Chandeliers have yet to drop on the heads of the opera- loving public in Moscow but the 19th-century wooden foundations are rotting and pipes recently burst in the administrative offices, spraying scalding water on to the desks of managers.

News of the fund-raising drive came earlier this week after the first meeting of a new Russian-Unesco organising committee. The campaign will be launched at a charity performance in May but those interested can now visit the Bolshoi's Internet website on www.Bolshoi.ru

"The Bolshoi Theatre is not only our national heritage but the heritage of the whole world," said Valentina Matviyenko, the Deputy Prime Minister in charge of Russia's social policy. Russia might be having difficulty paying wages and pensions, but the significance of the Bolshoi was such that funding would be found, she said. Any additional contributions from abroad would be welcome.

On a par with the wonders of Prague and Venice it may be, but the 173- year-old Bolshoi is in a very sorry state. Damp is rising from an underground river and the original wooden foundations are disintegrating. Not only that, but the building has not been rewired since the 1940s.

"There is no danger to the public, otherwise we would have closed the theatre," said the administrative director, Vladimir Kokonin. However, in his next breath, he admitted that a "fountain" of hot water had overwhelmed his desk when the pipes burst a few days ago.

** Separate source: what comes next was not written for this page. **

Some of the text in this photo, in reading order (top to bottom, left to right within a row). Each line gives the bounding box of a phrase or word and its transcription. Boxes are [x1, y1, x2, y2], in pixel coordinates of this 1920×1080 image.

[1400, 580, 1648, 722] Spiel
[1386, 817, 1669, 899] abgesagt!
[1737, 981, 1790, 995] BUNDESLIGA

The Bolshoi management intends to keep the familiar outward appearance of the pink-stucco theatre, changing only "dated symbols" such as the Stalin-era stage curtains with their hammer and sickle designs. However, in many invisible ways, the structure will be strengthened and modern facilities provided. Experts have been consulted to ensure that whatever alterations are made the acoustics do not suffer. The estimated cost of the 10-year project is $350m (pounds 218m).

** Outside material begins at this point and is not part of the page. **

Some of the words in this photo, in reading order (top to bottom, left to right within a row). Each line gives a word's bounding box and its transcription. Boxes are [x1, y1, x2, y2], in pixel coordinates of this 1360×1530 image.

Already, with the help of Moscow Mayor, Yuri Luzhkov, an alternative stage has been built, so that the troupe of the Bolshoi can remain in the public eye during the renovation.

Despite the economic crisis, Ms Matviyenko said the federal government had found $45mto start work on the main building and this month Russian firms would be invited to tender for jobs.

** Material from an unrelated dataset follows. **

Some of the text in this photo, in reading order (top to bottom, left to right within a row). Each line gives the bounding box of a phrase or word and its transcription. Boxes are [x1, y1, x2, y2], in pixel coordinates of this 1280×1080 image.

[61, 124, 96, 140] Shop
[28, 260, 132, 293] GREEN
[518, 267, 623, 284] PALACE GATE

The Bolshoi may be crumbling physically but spiritually, it is in better health than for years under its new artistic director, the former dancer Vladimir Vasilyev. New ballets for Christmas and the new year have been previewed. And February will see the opening of Oprichnik, Tchaikovsky's rarely performed opera about the secret police under Ivan the Terrible, which would have been politically incorrect in Communist times.

Mr Vaslilyev, who criticised the way the Bolshoi used to sit on its laurels when it held a monopoly, would be the first to admit that his theatre has benefited from some healthy competition.

Just up the road is the Novaya Opera (New Opera) of Vladimir Kolobov, who spent years working in a disused cinema until Mayor Luzhkov built him a splendid new opera house. And there are also several opera studios that help to make Moscow, in the dead of economic winter, a musical boom-town.